### [DATASET EXTRACT]
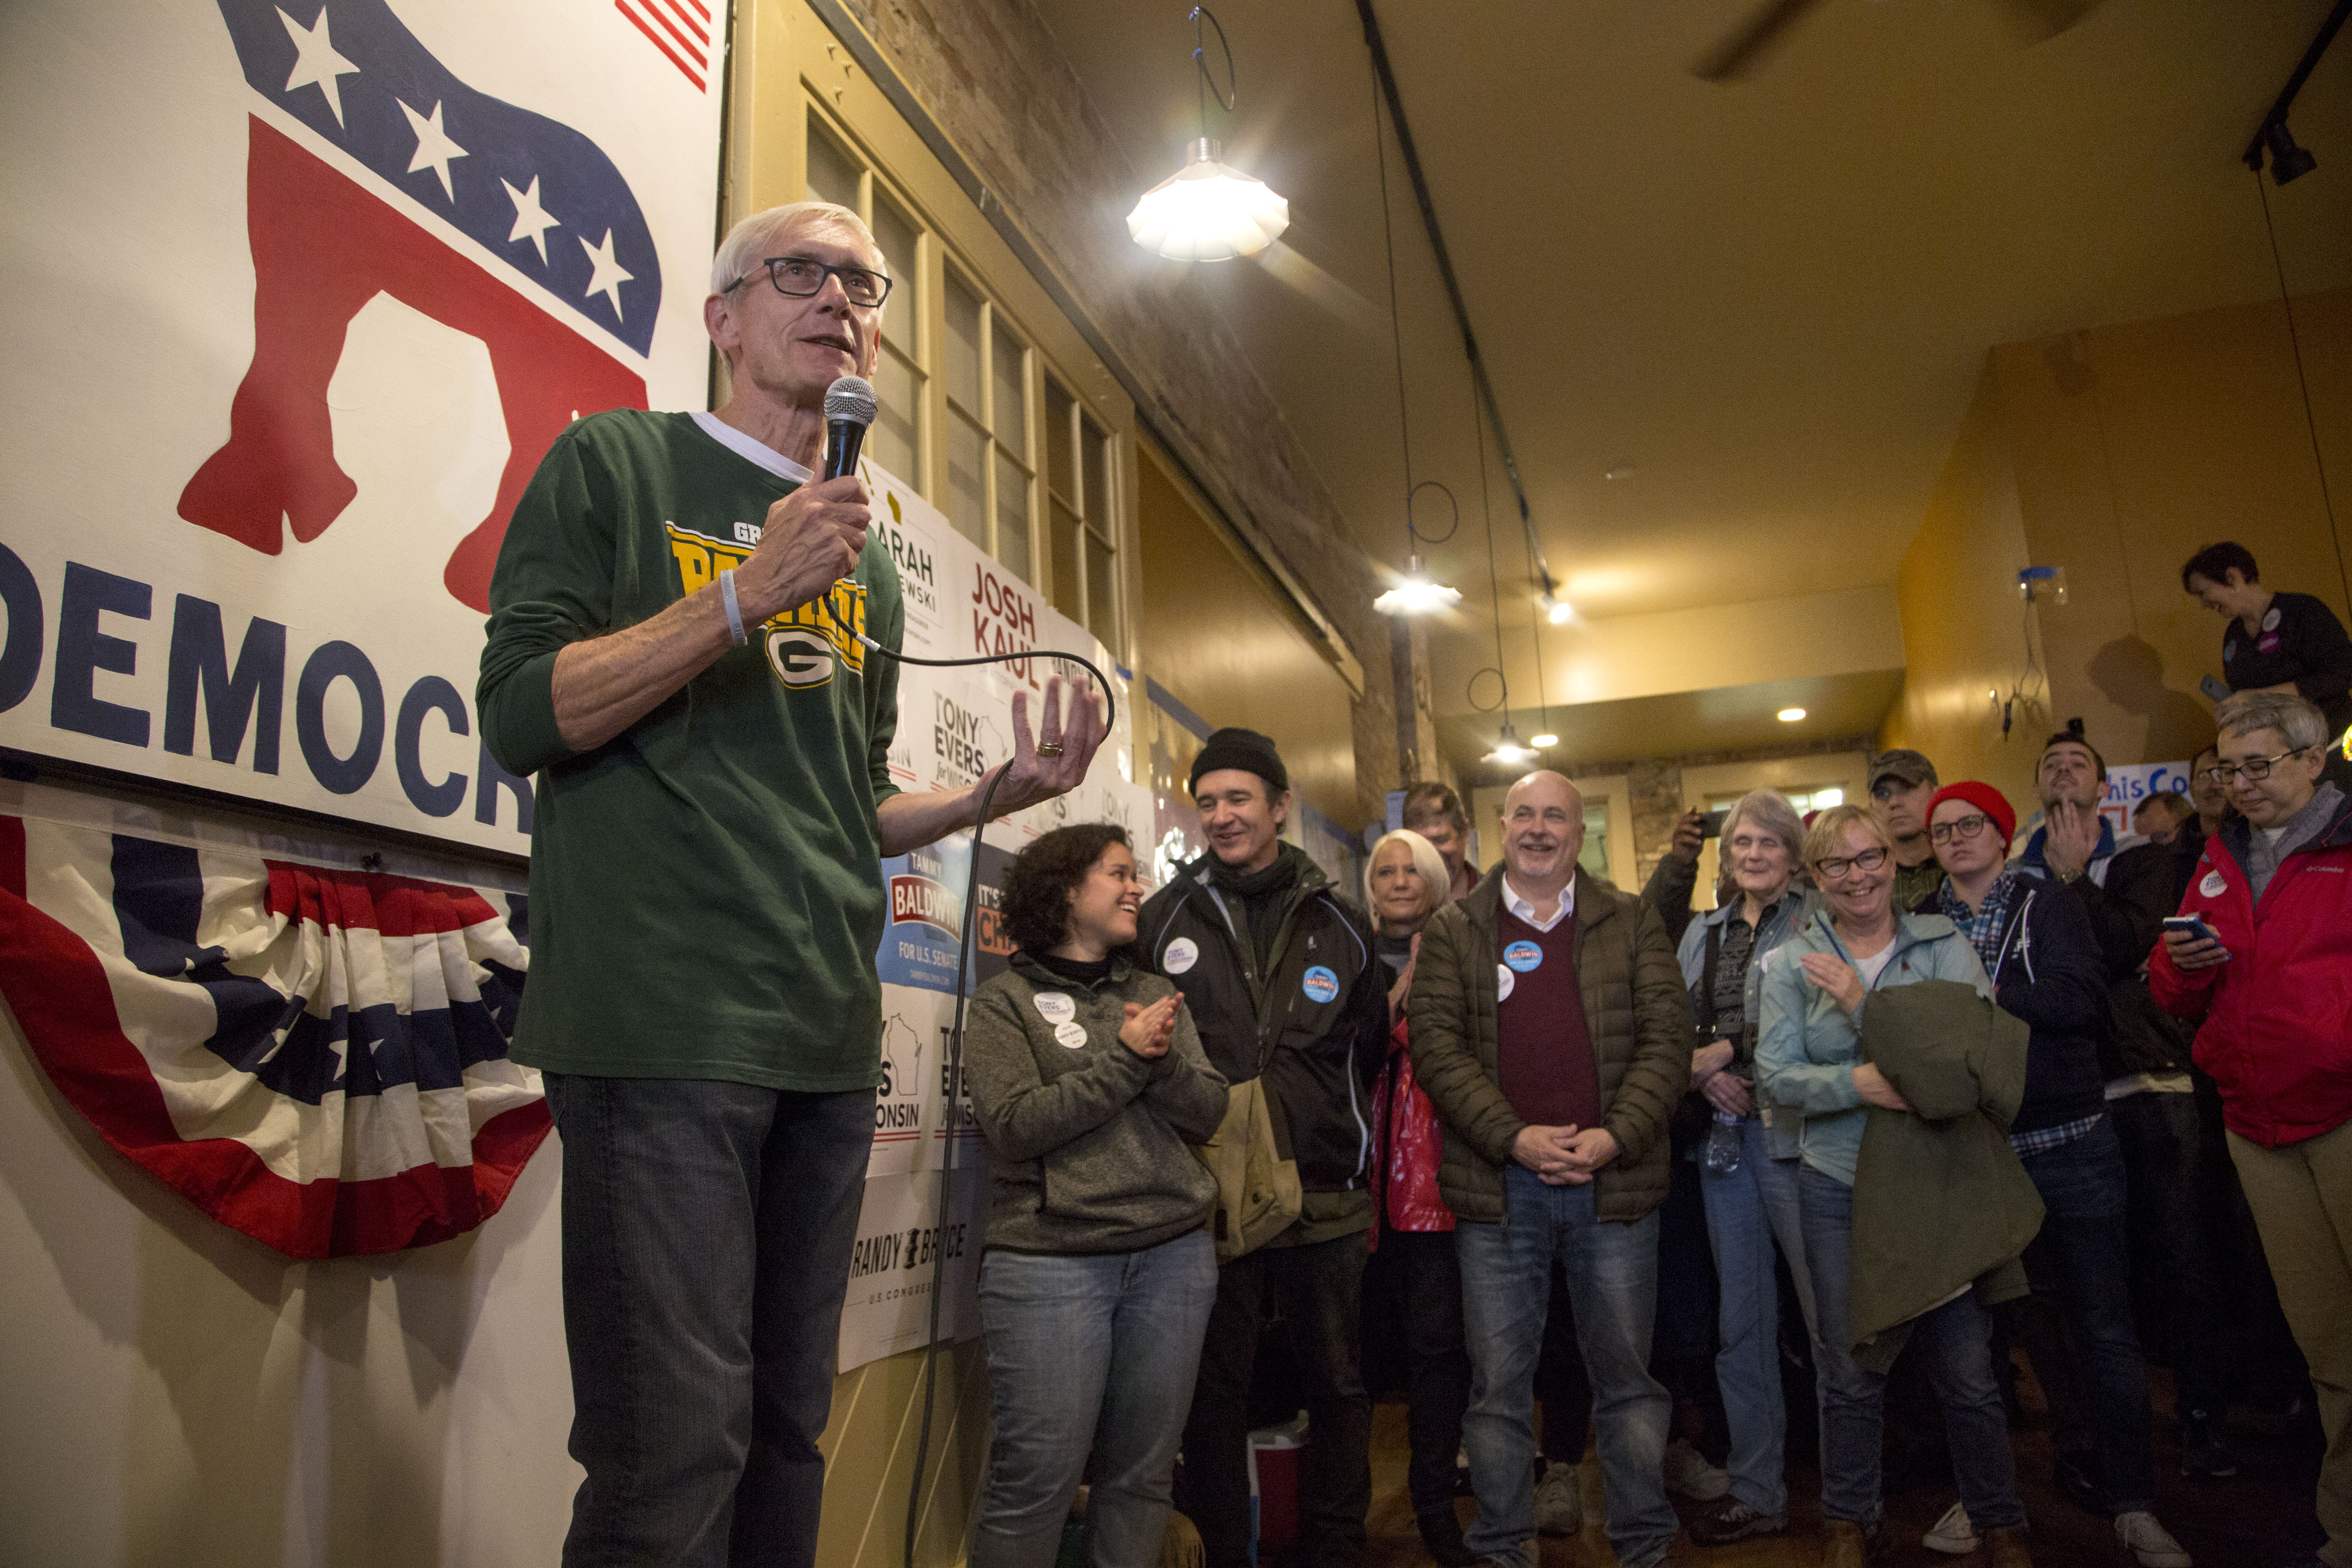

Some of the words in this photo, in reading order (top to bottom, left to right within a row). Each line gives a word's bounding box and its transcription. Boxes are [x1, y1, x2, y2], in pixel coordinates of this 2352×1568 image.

[972, 561, 1036, 644] JOSH
[768, 631, 833, 684] G
[973, 608, 1040, 691] KAUL
[933, 689, 978, 744] TONY
[934, 724, 984, 777] EVERS
[911, 852, 941, 878] TAMMY
[895, 884, 960, 933] BALDWIN
[978, 884, 1000, 909] IT'S
[899, 941, 915, 960] FOR
[851, 1232, 903, 1279] RANDY
[920, 1223, 967, 1265] BRCE
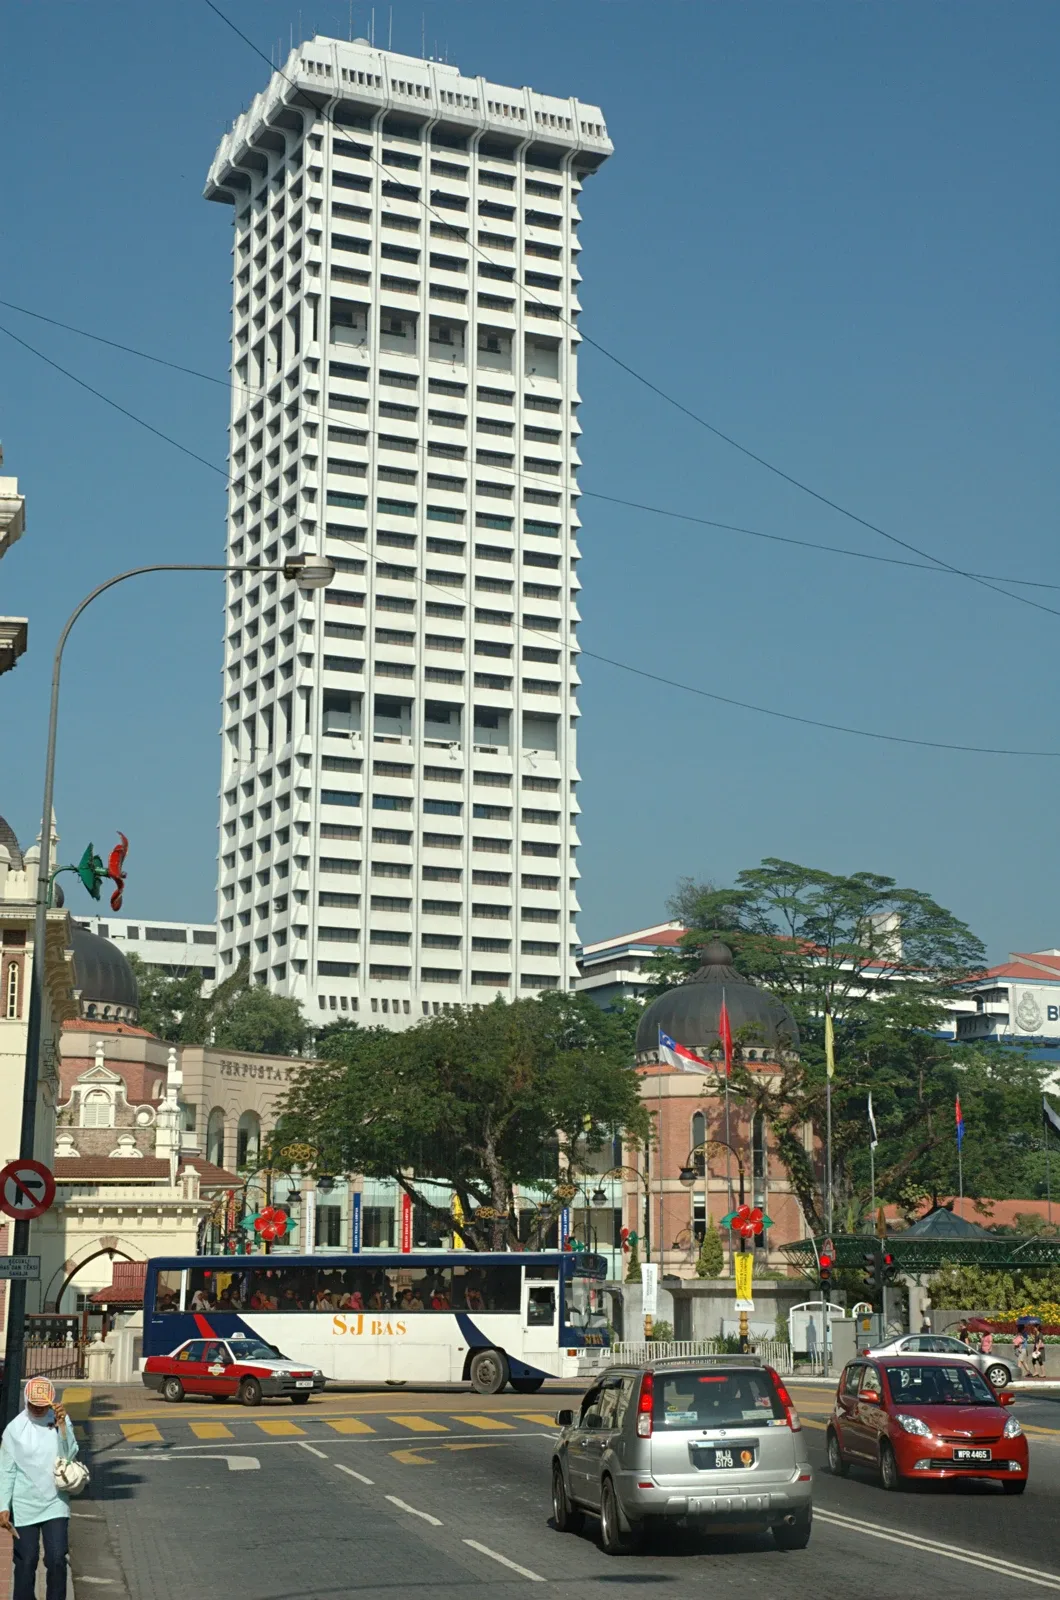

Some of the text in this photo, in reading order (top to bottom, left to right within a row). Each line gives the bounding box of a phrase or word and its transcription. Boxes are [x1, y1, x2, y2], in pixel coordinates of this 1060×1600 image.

[1047, 1005, 1060, 1021] B
[332, 1314, 407, 1336] SJ BAS
[957, 1450, 988, 1459] WPR 4465
[715, 1458, 734, 1467] 5179

### [PROBLEM TO WORK ON]
Word for word, set down every line of the records above, and leave the pictures out.

### [EXERCISE RESPONSE]
Some of the words in this photo, in reading order (top to bottom, left to right within a row). Each line gives a word's bounding box and its transcription. Boxes are [x1, y1, x2, y2], in pixel coordinates of this 2352×1568 image.

[972, 561, 1036, 644] JOSH
[768, 631, 833, 684] G
[973, 608, 1040, 691] KAUL
[933, 689, 978, 744] TONY
[934, 724, 984, 777] EVERS
[911, 852, 941, 878] TAMMY
[895, 884, 960, 933] BALDWIN
[978, 884, 1000, 909] IT'S
[899, 941, 915, 960] FOR
[851, 1232, 903, 1279] RANDY
[920, 1223, 967, 1265] BRCE

Some of the text in this photo, in reading order (top to bottom, left to right within a row). Each line gives the bounding box of a phrase or word and its transcription. Boxes are [x1, y1, x2, y2], in pixel coordinates of this 1060×1600 image.

[1047, 1005, 1060, 1021] B
[332, 1314, 407, 1336] SJ BAS
[957, 1450, 988, 1459] WPR 4465
[715, 1458, 734, 1467] 5179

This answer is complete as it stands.